(Saved data entries)

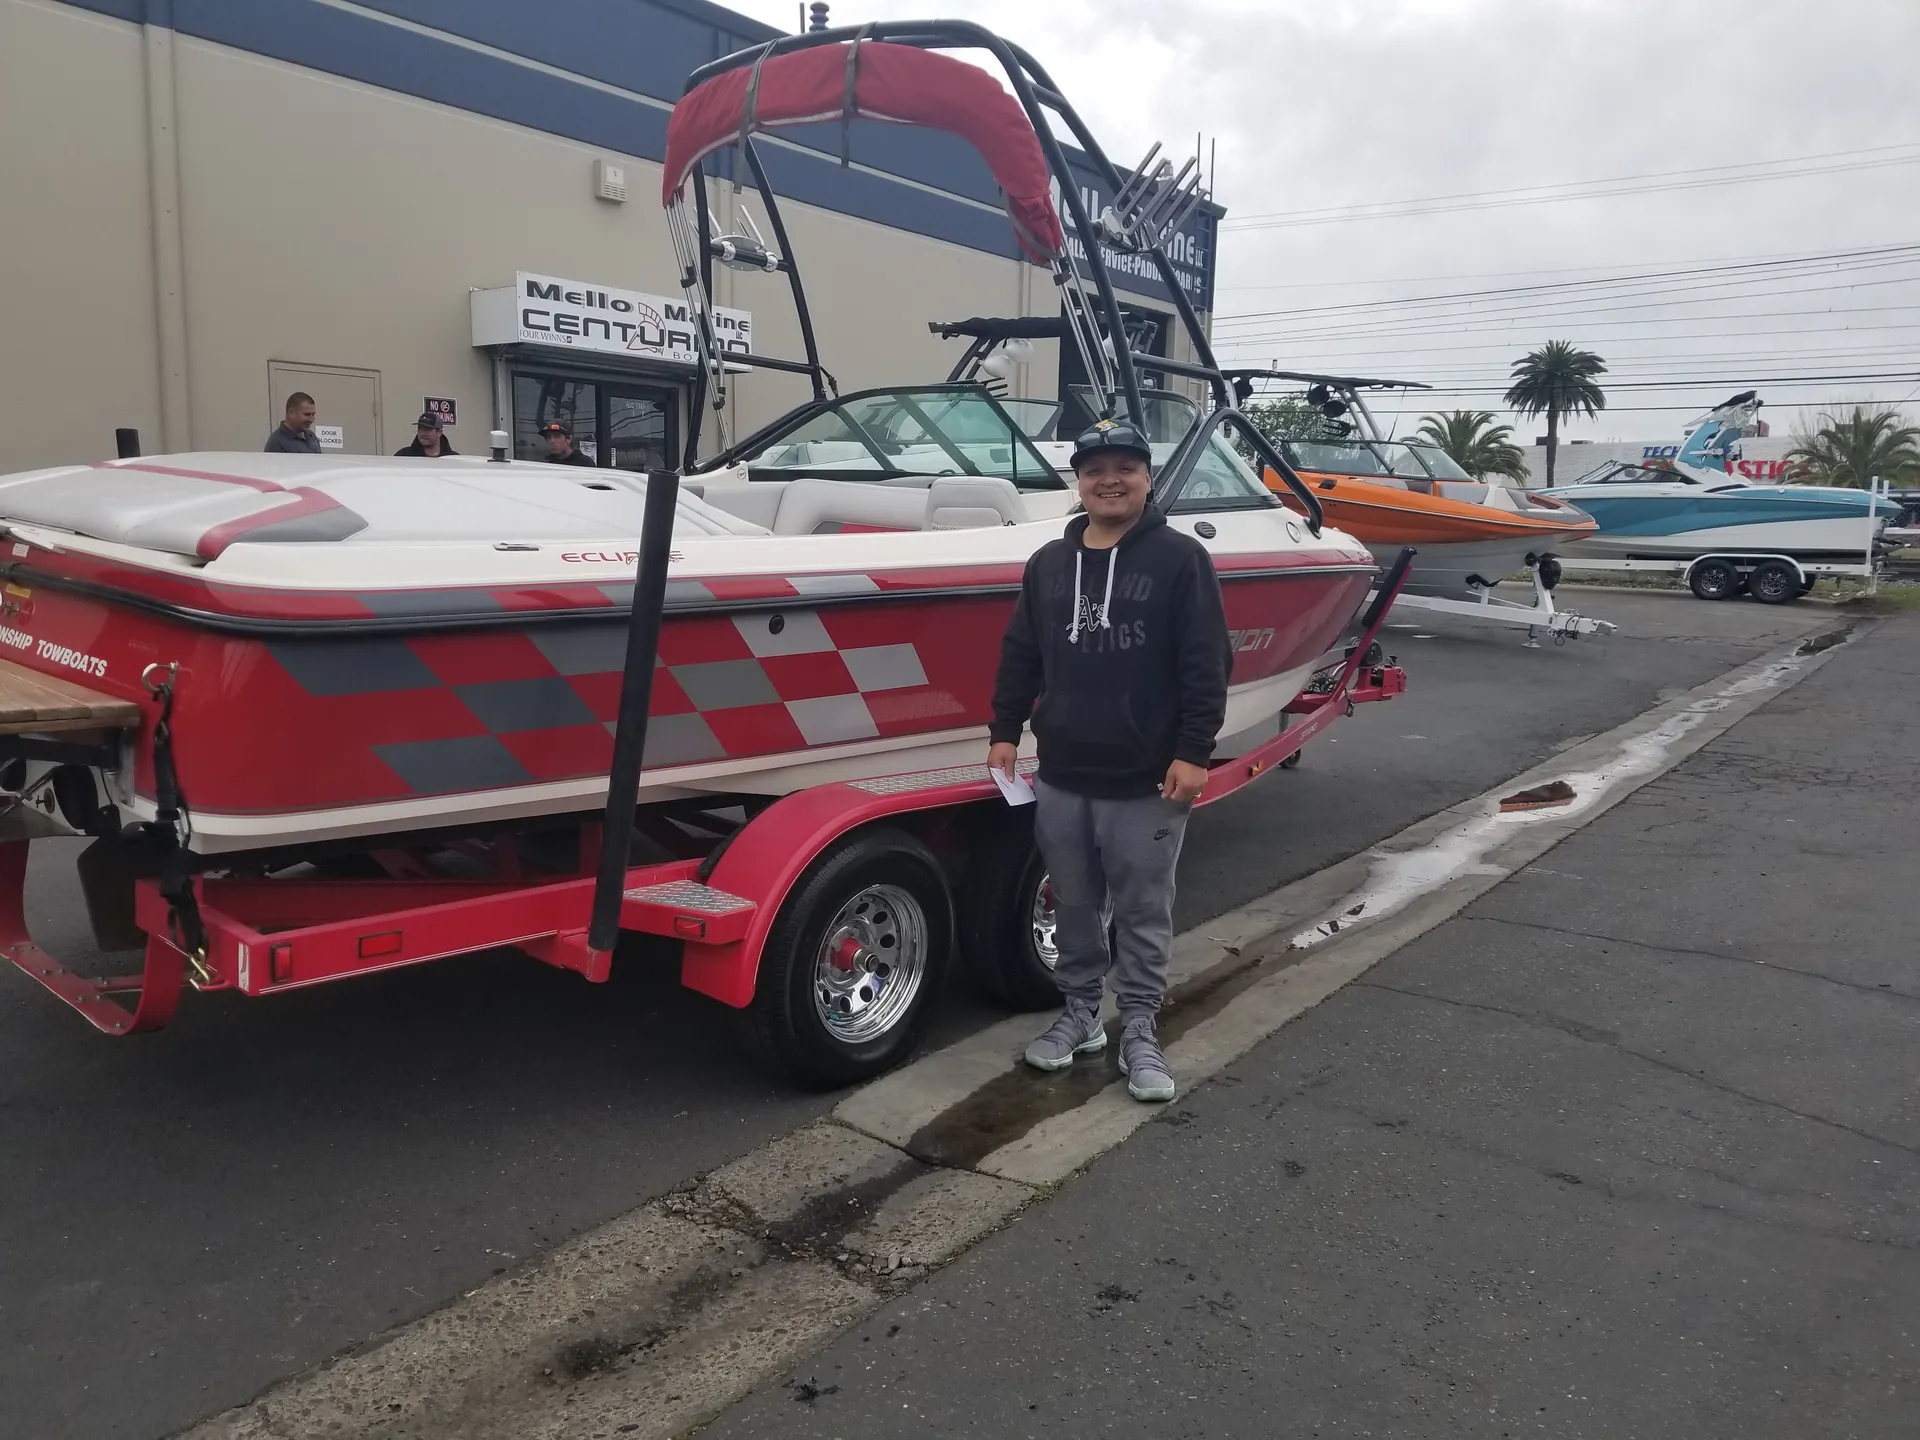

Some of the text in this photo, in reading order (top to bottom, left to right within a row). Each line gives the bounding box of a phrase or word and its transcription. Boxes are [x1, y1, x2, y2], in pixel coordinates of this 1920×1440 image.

[526, 279, 634, 314] Mello
[430, 400, 439, 411] NO
[561, 551, 685, 563] ECLIPE
[36, 639, 108, 677] TOWBOATS

WHAT IS NEEDED:
Each entry is to be returned as it stands, and each picture is to be left out.

COMPLETED EXERCISE:
Some of the text in this photo, in reading order (top to bottom, left to right within a row). Each line gives the bounding box of a phrase or word and its transcription. Boxes are [x1, y1, x2, y2], in pixel coordinates of this 1920×1440 image.

[526, 279, 634, 314] Mello
[430, 400, 439, 411] NO
[561, 551, 685, 563] ECLIPE
[36, 639, 108, 677] TOWBOATS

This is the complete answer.